### What the exercise asks
All of the listing must be given again exactly, except that the images are dropped.
□ □ □ □ □
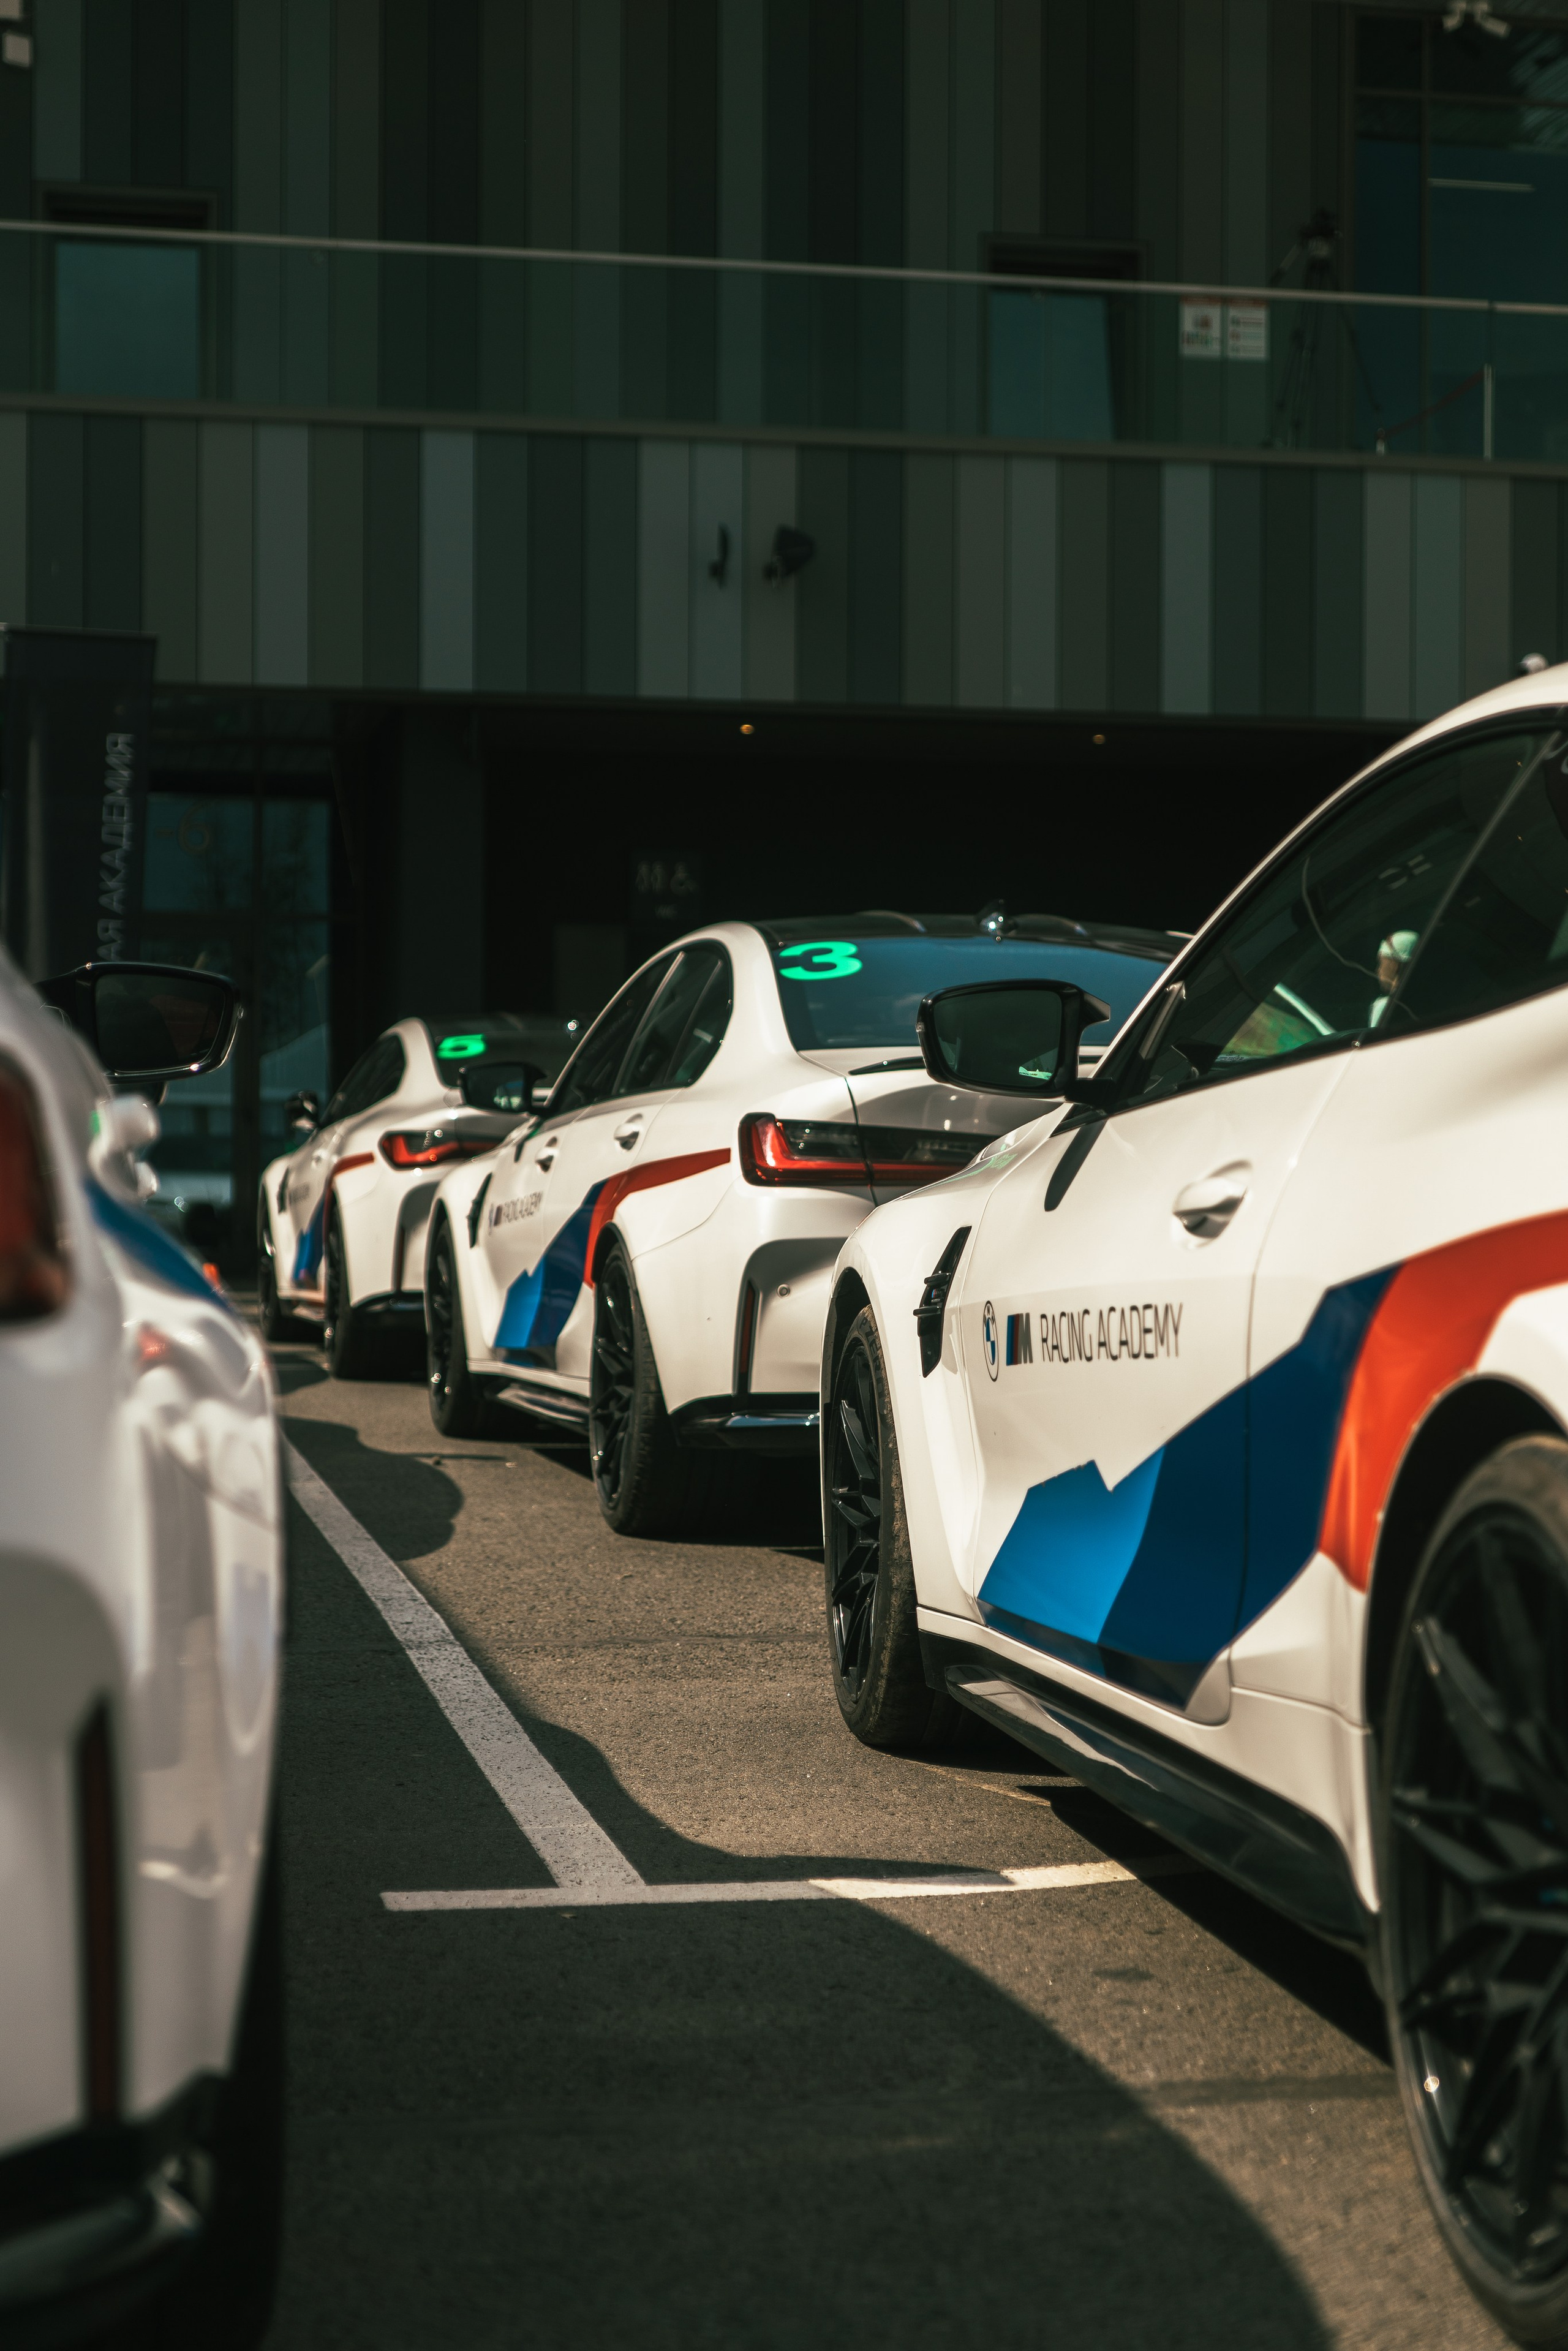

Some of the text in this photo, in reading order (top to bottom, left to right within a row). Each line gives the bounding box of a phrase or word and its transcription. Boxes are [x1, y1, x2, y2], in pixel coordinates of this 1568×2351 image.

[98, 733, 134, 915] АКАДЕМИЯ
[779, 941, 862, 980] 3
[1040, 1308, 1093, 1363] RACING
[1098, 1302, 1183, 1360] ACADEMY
□ □ □ □ □
### Solution
Some of the text in this photo, in reading order (top to bottom, left to right within a row). Each line gives the bounding box of a phrase or word and its transcription. Boxes are [x1, y1, x2, y2], in pixel coordinates of this 1568×2351 image.

[98, 733, 134, 915] АКАДЕМИЯ
[779, 941, 862, 980] 3
[1040, 1308, 1093, 1363] RACING
[1098, 1302, 1183, 1360] ACADEMY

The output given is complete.